Native Americans may have originated from China, says new study on 14,000-year-old human fossils

Native Americans may have originated from China, says new study on 14,000-year-old human fossilsNative Americans may have originated from China, says new study on 14,000-year-old human fossils
A new study suggests that Native Americans may have originated from Southern China, based on the discovery and DNA analysis of 14,000-year-old human fossils. 
The journal “Current Biology” published the study on July 14, which stated that the discovered fossils are thought to belong to an extinct maternal branch to which Native Americans are also possibly related. 
Researchers compared the genome of the bones to people from around the world and came to the conclusion that they matched those of an individual deeply linked with East Asian ancestry.

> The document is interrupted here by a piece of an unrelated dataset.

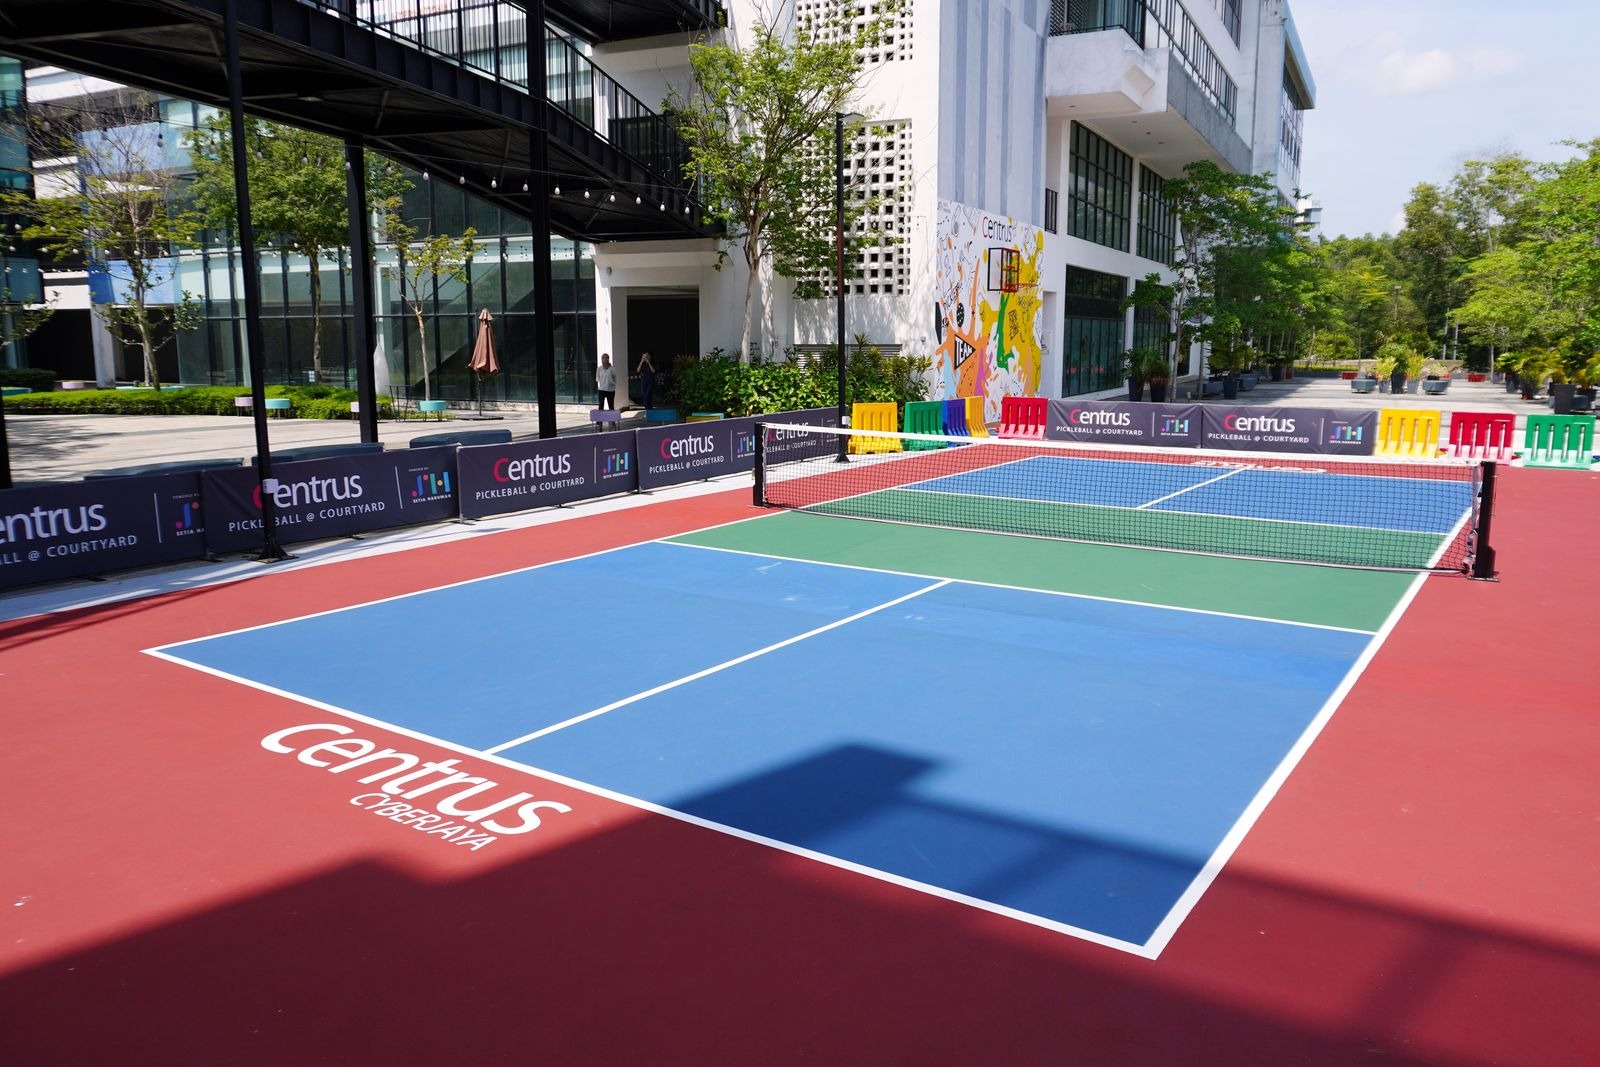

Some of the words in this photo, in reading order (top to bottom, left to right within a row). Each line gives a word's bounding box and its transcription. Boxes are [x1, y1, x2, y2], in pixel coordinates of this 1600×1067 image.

Archaeologists had previously found fossils in China’s Yunnan Province three decades ago; however, it was not until 2018 that a team was able to extract DNA from the ancient skull and use genome sequencing to prove that the individual belonged to an extinct species of modern humans whose descendants were now in East Asia, the Indo-China peninsula and the Southeast Asian islands. 
The same team proposed that some people from southern East Asia had traveled north along the coastline of present-day eastern China, went through Japan, reached up to Siberia and then crossed the Bering Strait between the continents of Asia and North America. 
While a previously discovered infant’s remains from an archaeological site in Alaska in 2013 proved that modern Native Americans came from Asia, the recent findings narrow down from which parts of Asia they may have originated.
Bing Su from the Kunming Institute of Zoology explained, “Such data will not only help us paint a more complete picture of how our ancestors migrate but also contain important information about how humans change their physical appearance by adapting to local environments over time, such as the variations in skin color in response to changes in sunlight exposure.”
 
Featured Image via UW (University of Washington) (left) and Inside Edition (right)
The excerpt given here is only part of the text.